Aos 13 anos, o Colégio dos Jesuítas, no Estado da Bahia, haveria de matriculá-lo, mas, a seguir, por orientação de seu próprio pai, passou a vincular-se à Ordem dos Padres Franciscanos, motivando-o para, em 1971, professar votos solene que o conduziriam – um ano depois, a receber a unção sacerdotal, sequenciada, com a sua transferência para o Convento de São Francisco, em São Paulo, ali aperfeiçoando estudos filosóficos e teológicos, permanecendo no seu mister apostólico durante sessenta anos, até sua morte, cercado das bênçãos de sua de sua Congregação e as preces de imensa legião de fiéis.
FREI GALVÃO legou, como uma de suas maiores realizações, o magnífico MOSTEIRO DA LUZ, em cujas obras atuou como arquiteto, mestre e até como pedreiro voluntário. Ressalte-se que a histórica edificação foi proclamada PATRIMÔNIO CULTURAL DA HUMANIDADE, pela UNESCO.
SENHOR PRESIDENTE:
Esta breve retrospectiva, que me senti no dever de elaborar, a instâncias do Líder do PMDB, Henrique Eduardo Alves, a quem represento neste momento, é o tributo de nossa reverência a um homem predestinado que soube entregar-se, de corpo e alma, a uma missão evangelizadora, que robusteceu crença de todos os compatrícios.

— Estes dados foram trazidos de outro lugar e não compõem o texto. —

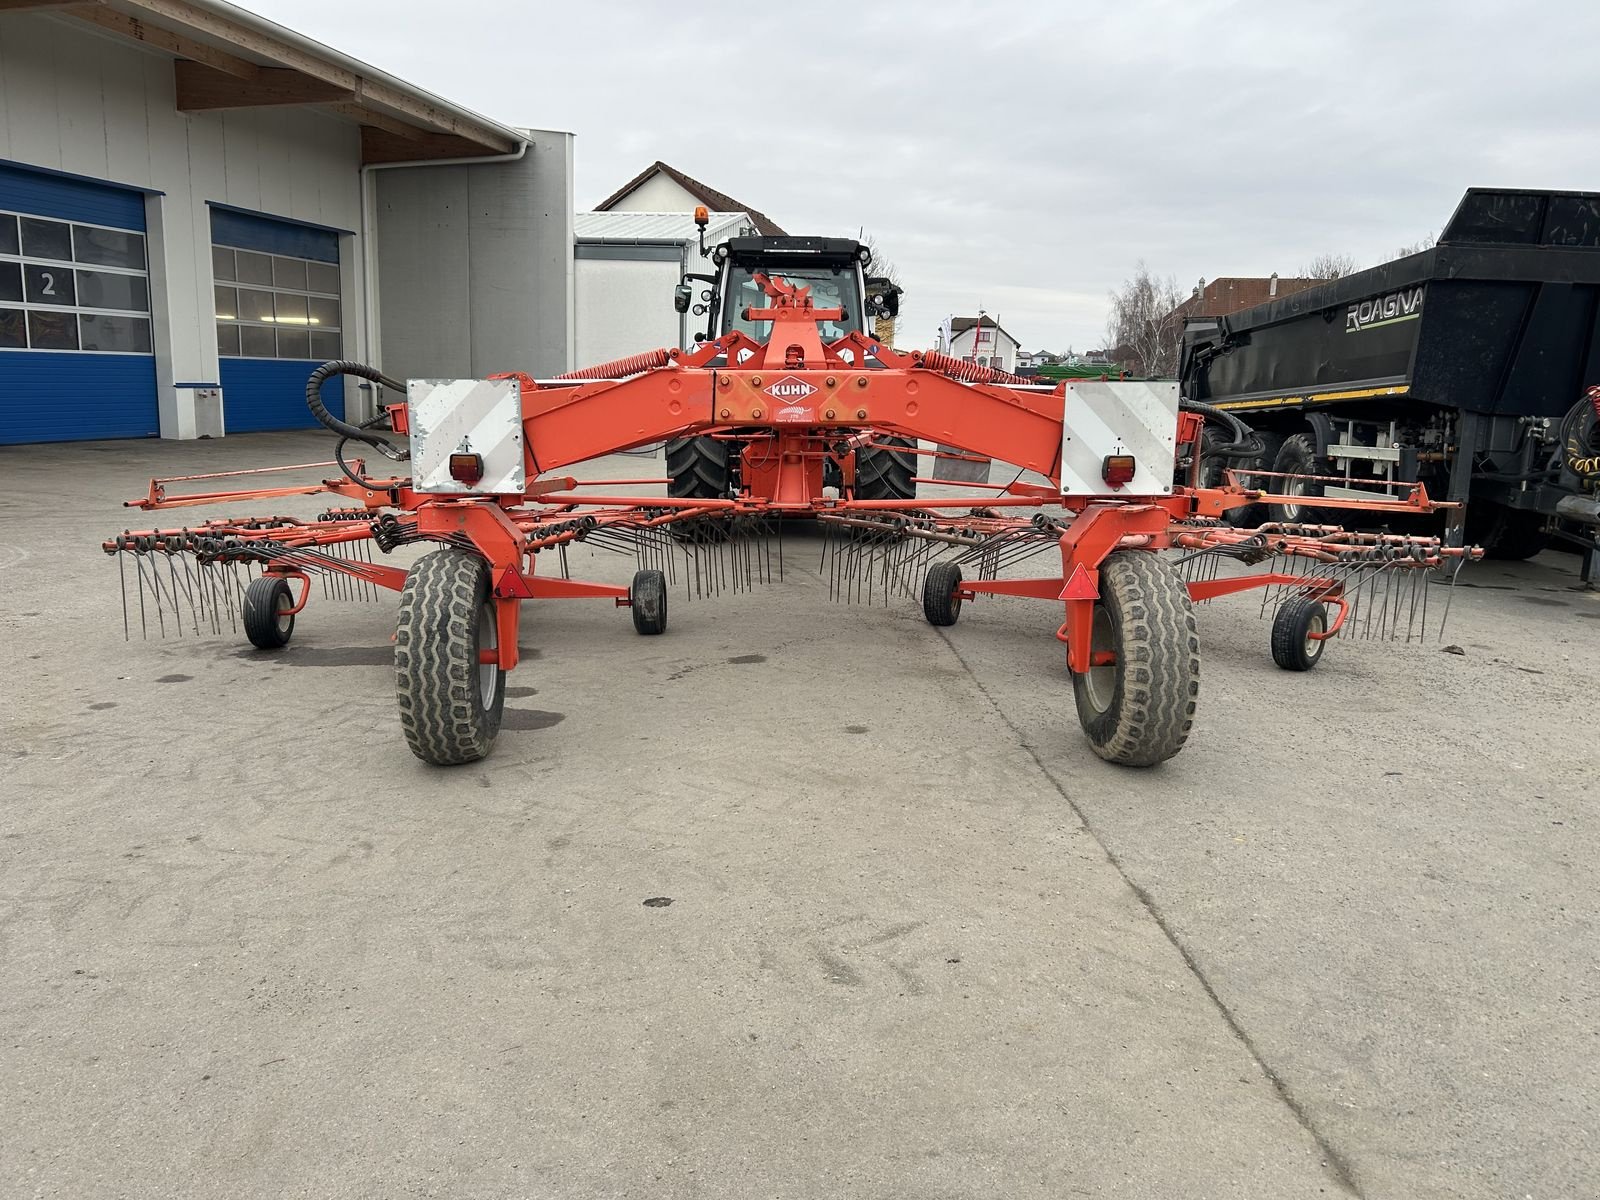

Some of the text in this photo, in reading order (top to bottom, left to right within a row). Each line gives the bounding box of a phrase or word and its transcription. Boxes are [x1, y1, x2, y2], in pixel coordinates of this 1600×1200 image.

[42, 273, 55, 295] 2
[1346, 287, 1424, 331] ROAGNA
[771, 384, 810, 396] KUHN

A sua CANONIZAÇÃO constituirá acontecimento marcante em nossos fastos historiográficos, sinalizando que outros brasileiros poderão, dentro em breve, alçar-se à idêntica glorificação, como esperam os meus conterrâneos em relação a Dom ANTONIO DE ALMEIDA LUSTOSA e PADRE CÍCERO ROMÃO BATISTA.
Que FREI GALVÃO interceda pelo Brasil e o seu povo, a fim de que se reduzam as ainda gritantes desigualdades sociais, ensejando a que todos vivam com dignidade, sem carências injustas e com maiores benefícios para os oprimidos e aos que se situam à margem do desenvolvimento, e bem estar da coletividade. SALVE O SANTO FREI GALVÃO, cujas virtudes fizeram-no transformar-se num símbolo do fervor do povo brasileiro.